Some musicians are so overwhelmingly associated with a specific era that, when discussing work created by them long after that era has passed, you know there’ll be no getting through to some people. I understand their thinking: quick-fix flashes of fun, bedhopping from scene to scene, ruthless ghosting as soon as a movement threatens to get stale in favour of the anointed New Thing. Couldn’t hear all the good music out there if we lived to a thousand, anyway. If this is you, and you’re old enough to remember Detroit electropunk duo Adult. at their fashionable zenith in the early 2000s, then you presumably won’t be amped for This Behavior, their seventh studio album. But this is your loss, as it’s another pinpoint smash from a consistently great and striking band who’ve never lost their hardcore.

They’ve never changed their sound too severely, either, although amid ten songs that offer a coldly familiar volley of dogmatic, scornful, echo-streaked vocals (by Nicola Kuperus) and strafing, EBM-influenced rhythms (devised by Kuperus and partner Adam Lee Miller), there are – by Adult. standards – unusually soft-edged or pop-centred moments. ‘Silent Exchange’ is one, a slow-dancer of great melancholy with an Ultravox-like crystal synth part and pliant drums. ‘Does The Body Know?’ is another – recognisably Adult. for sure, especially that Morse-tapping Aux 88-style bleep undercarriage, but the euphoric keyboard melody could have graced New Order’s Technique, and Kuperus’ more wistful vocal approach here bolsters that feel.

Then again, there are a raft of textbook Adult. bangers during these 39 minutes, because while lots of acts are palpably inspired by Model 500 or Tuxedomoon or DMX Krew or the Throbbing Gristle of, say, ‘Persuasion’, only Kuperus and Miller sound like this. (There’ve been a lot of worthwhile names coming through in the last few years who could reasonably called ‘post-Adult.’; three of them – Youth Code, Wetware and High-Functioning Flesh – are now their labelmates on Dais Records.) Programming might be minimal, clipped, direct, but you always feel that on a proper club system, things like ‘Violent Shakes’ and the thought-hauntingly titled ‘Lick Out The Content’ would rearrange your head – while anyone who’s thrilled to the latest, excellent Helena Hauff album ought to make a beeline for the redlined techno stomp of ‘Irregular Pleasure’.

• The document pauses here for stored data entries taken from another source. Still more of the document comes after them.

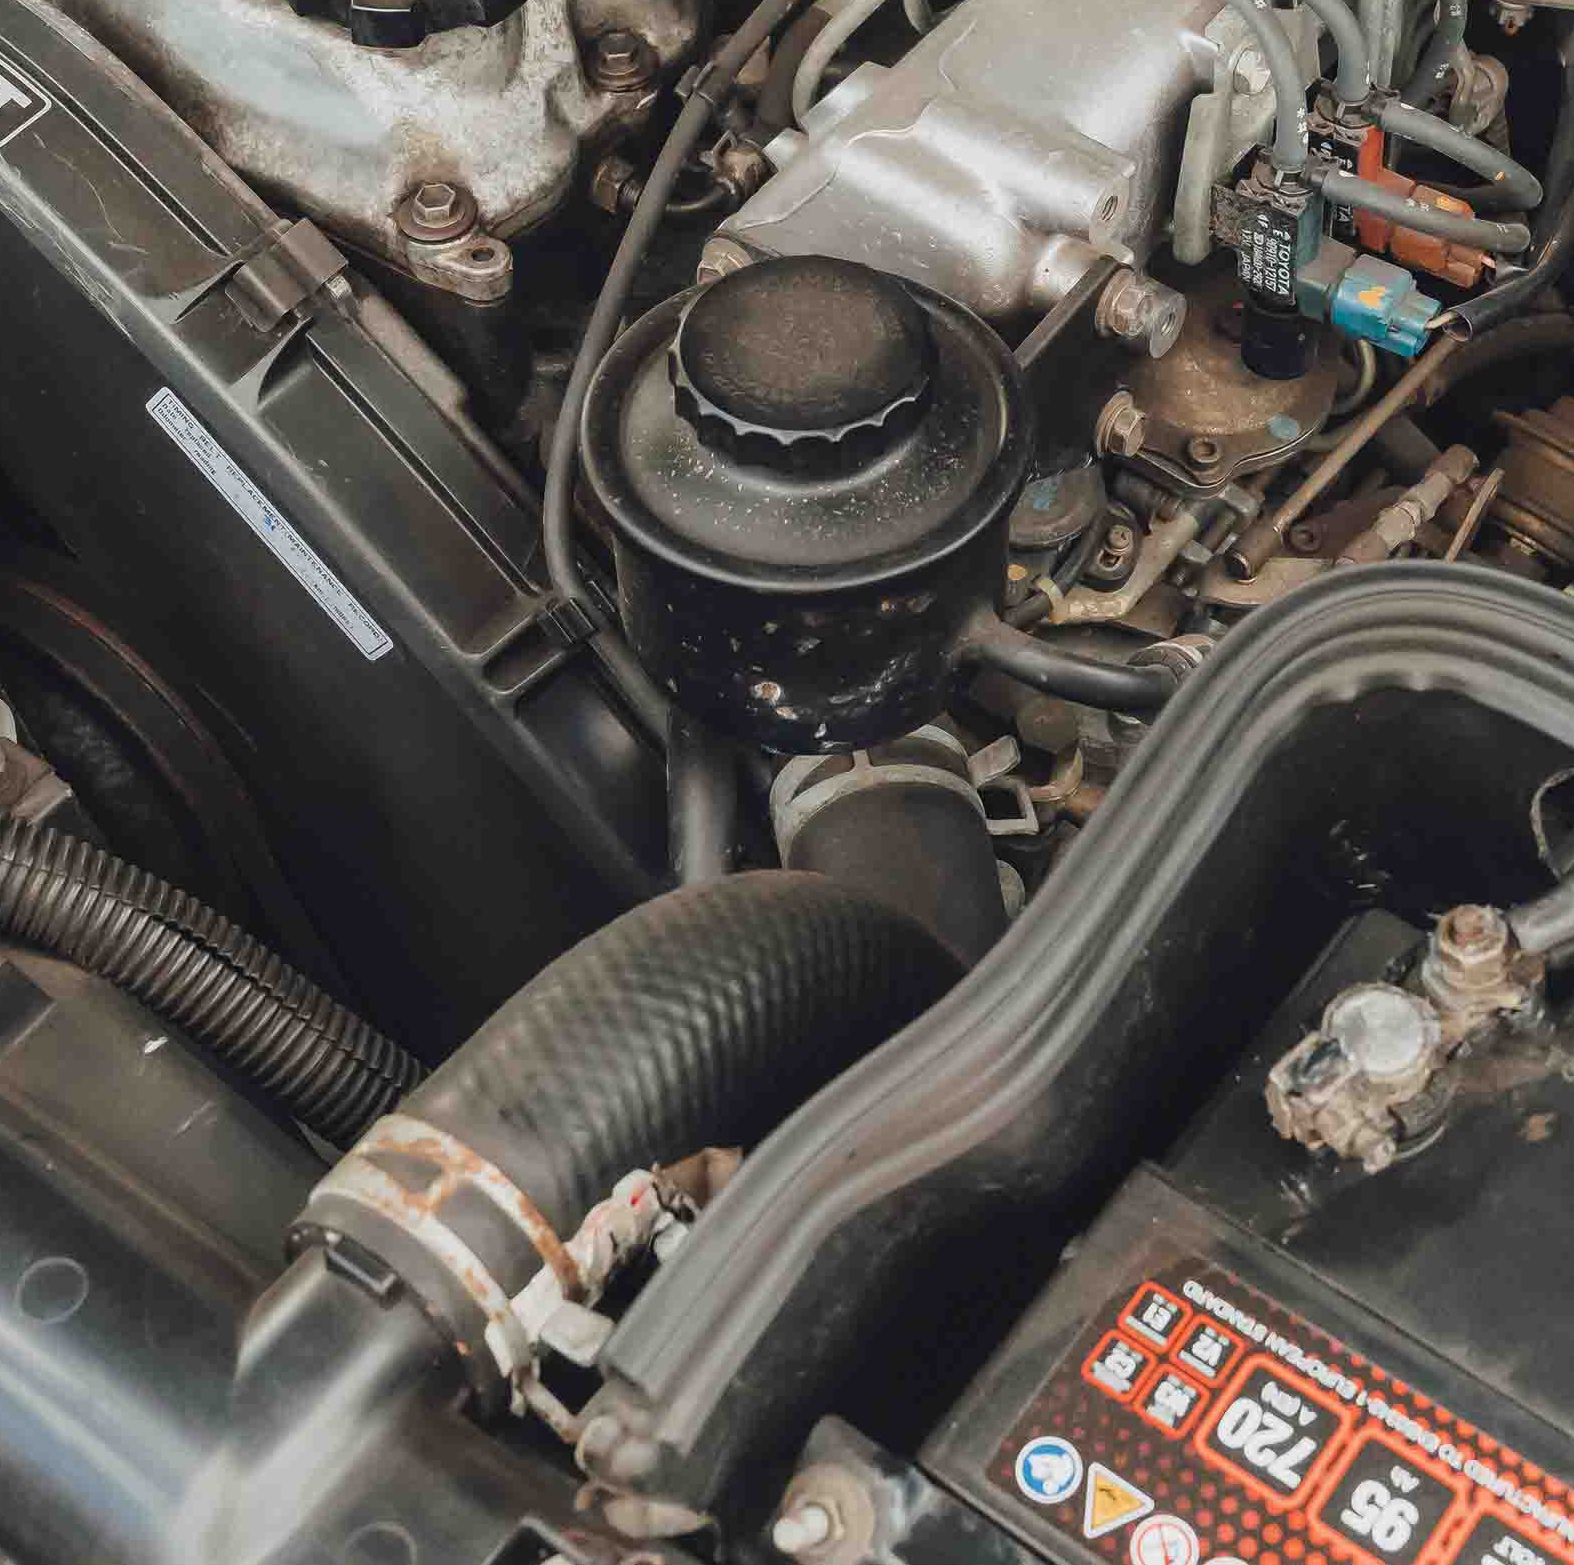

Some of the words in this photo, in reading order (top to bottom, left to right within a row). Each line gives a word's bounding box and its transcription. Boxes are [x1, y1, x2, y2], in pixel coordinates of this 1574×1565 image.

[1275, 243, 1292, 295] TOYOTA
[166, 399, 195, 430] TIMING
[198, 435, 223, 461] BELT
[224, 464, 286, 532] REPLACEMENT
[285, 532, 344, 597] MAINTENANCE
[1210, 1390, 1323, 1490] 720
[1336, 1473, 1426, 1558] 95

As I say, you might associate Adult. with the flighty fancies of the early millennium, their enduring crossover hit ‘Hand To Phone’ and the subgenre-cum-snarkers’ punchline that is/was electroclash (the duo had a slightly more complex relationship with it than that, but time makes fools of us all). And you might shun these ultra-stylised old-timers, even or especially as their 20th birthday approaches, perhaps in favour of those aforementioned younger models. But This Behavior jitters with energy and swells with smart touches, and if Kuperus and Miller are still as dedicated as this album indicates, then maybe they don’t need you rubes anyhow.